Une humanité masquée, c’est une humanité de la défiance, du soupçon et, un jour, de la haine.

– Portez-vous un masque ?

– Parfois. Le moins souvent possible. Et contraint et forcé. Vous connaissez la théorie d’Emmanuel Levinas. Le rapport à l’autre, l’éthique, ça commence par le face-à-face entre deux visages nus, à découvert et qui se découvrent l’un l’autre dans leur bouleversante fraternité. Une humanité masquée, je suis désolé, mais, d’abord c’est un oxymore, et ensuite c’est une humanité de la défiance, du soupçon et, un jour, de la haine.

– Quelle sera, selon vous, l’autre séquelle politique de cette pandémie ?

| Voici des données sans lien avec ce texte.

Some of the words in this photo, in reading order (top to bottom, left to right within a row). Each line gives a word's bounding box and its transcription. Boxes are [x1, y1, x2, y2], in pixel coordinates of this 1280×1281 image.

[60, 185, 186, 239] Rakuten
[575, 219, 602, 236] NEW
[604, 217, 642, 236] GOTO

– Nos libertés. Je suis effaré de voir, là encore, avec quelle facilité nous avons accepté de voir ces libertés rognées. Le traçage des populations, visiblement accepté. Les labradors renifleurs, dressés à détecter l’« odeur » des porteurs de Covid, qui n’ont l’air de gêner personne. Et puis l’incroyable culot de ces contempteurs de la « gauche kérosène » qui, comme Thomas Piketty, semblent s’arroger le droit de décider quels commerces, ou quels voyages, sont ou non indispensables – et, là encore, pas grand monde pour les contredire.

– La sécurité est devenue la préoccupation première…

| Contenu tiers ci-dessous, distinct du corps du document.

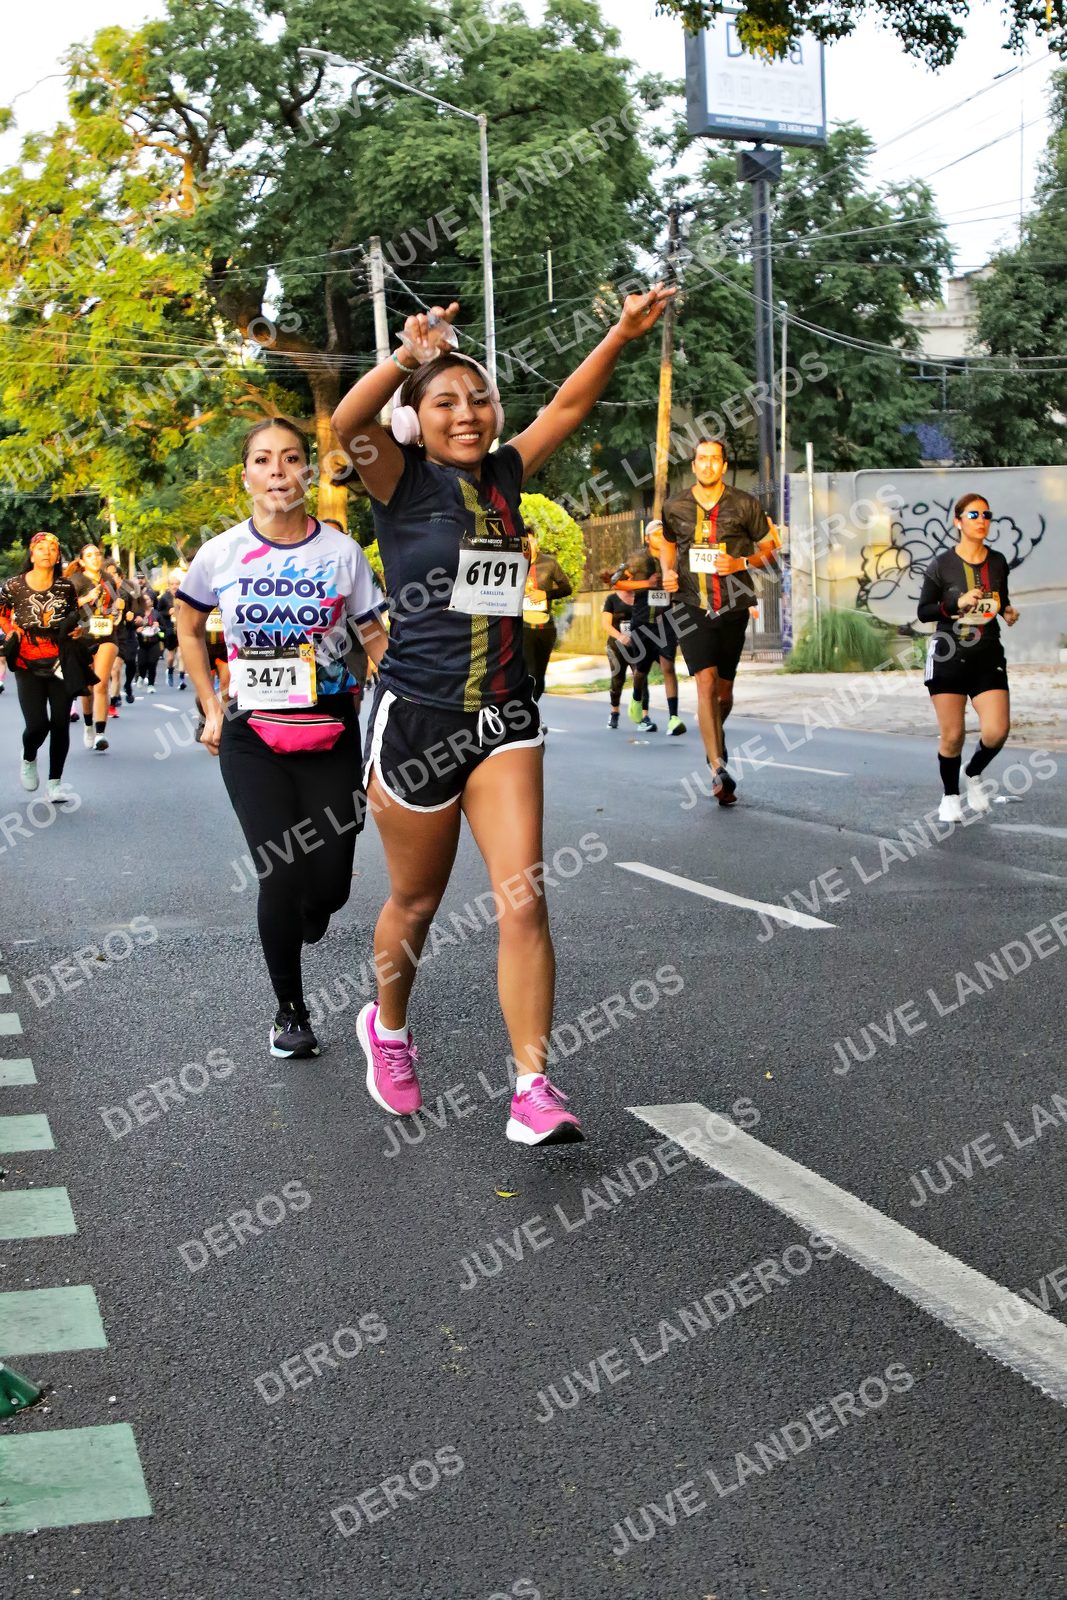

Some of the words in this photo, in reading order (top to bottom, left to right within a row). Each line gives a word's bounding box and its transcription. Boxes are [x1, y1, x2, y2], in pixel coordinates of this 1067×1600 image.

– Ma thèse est que nous assistons à un glissement de civilisation qui a tout d’un glissement de terrain. Depuis Rousseau, la République était fondée sur un contrat social. Aujourd’hui, sur fond d’hygiénisme devenu fou, nous sommes en train de passer au contrat vital (donne-moi tout ou partie de tes libertés, je te les échange contre une garantie de santé).

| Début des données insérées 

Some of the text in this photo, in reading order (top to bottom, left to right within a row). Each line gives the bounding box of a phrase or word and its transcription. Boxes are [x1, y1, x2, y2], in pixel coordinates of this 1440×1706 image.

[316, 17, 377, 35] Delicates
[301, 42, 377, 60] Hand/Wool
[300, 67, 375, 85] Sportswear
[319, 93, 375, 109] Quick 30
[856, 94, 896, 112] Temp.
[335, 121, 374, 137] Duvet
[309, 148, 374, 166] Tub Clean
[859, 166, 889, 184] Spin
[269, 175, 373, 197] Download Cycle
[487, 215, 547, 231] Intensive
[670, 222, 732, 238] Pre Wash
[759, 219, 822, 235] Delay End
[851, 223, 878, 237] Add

– Vous semblez reprocher aux Français d’avoir respecté les consignes gouvernementales…

– Je ne leur reproche rien. Et ils n’avaient, du reste, pas le choix. Ce qui m’inquiéterait, en revanche, ce serait la « douce accoutumance » à des mesures d’exception devenues la règle. Pour un philosophe, il y a dans tout ça un parfum de « servitude volontaire » façon La Boétie (le royaume de mes libertés contre l’élixir de la sécurité) et de « fin de l’Histoire » kojévienne (un monde lisse, purifié de sa négativité, naturalisé – un orwellien dirait « une ferme aux animaux »…).

– En vous lisant, certains diront : « BHL fait encore son donneur de leçons. Il voulait quoi ? 150.000 morts du Covid en France ? Les vieux décimés ? »

– Parlons-en, des « vieux » ! On les a laissés mourir, dans les Ehpad, de solitude et de chagrin. Et il n’y a pas eu, que je sache, de tollé quand le Dr Karine Lacombe a déclaré sur BFM qu’il y avait des personnes âgées qu’on choisissait de ne pas mettre sous respirateur…

Tsunami civilisationnel et mondial.

– Macron a-t-il bien géré cette crise ?

– Oui, plutôt. Mais je vous le répète : ce n’est pas ça le problème. C’est le tsunami civilisationnel et mondial auquel on a eu à faire face.

– Durant quelques semaines, on a tout de même eu l’impression que la France était dirigée par le Conseil scientifique…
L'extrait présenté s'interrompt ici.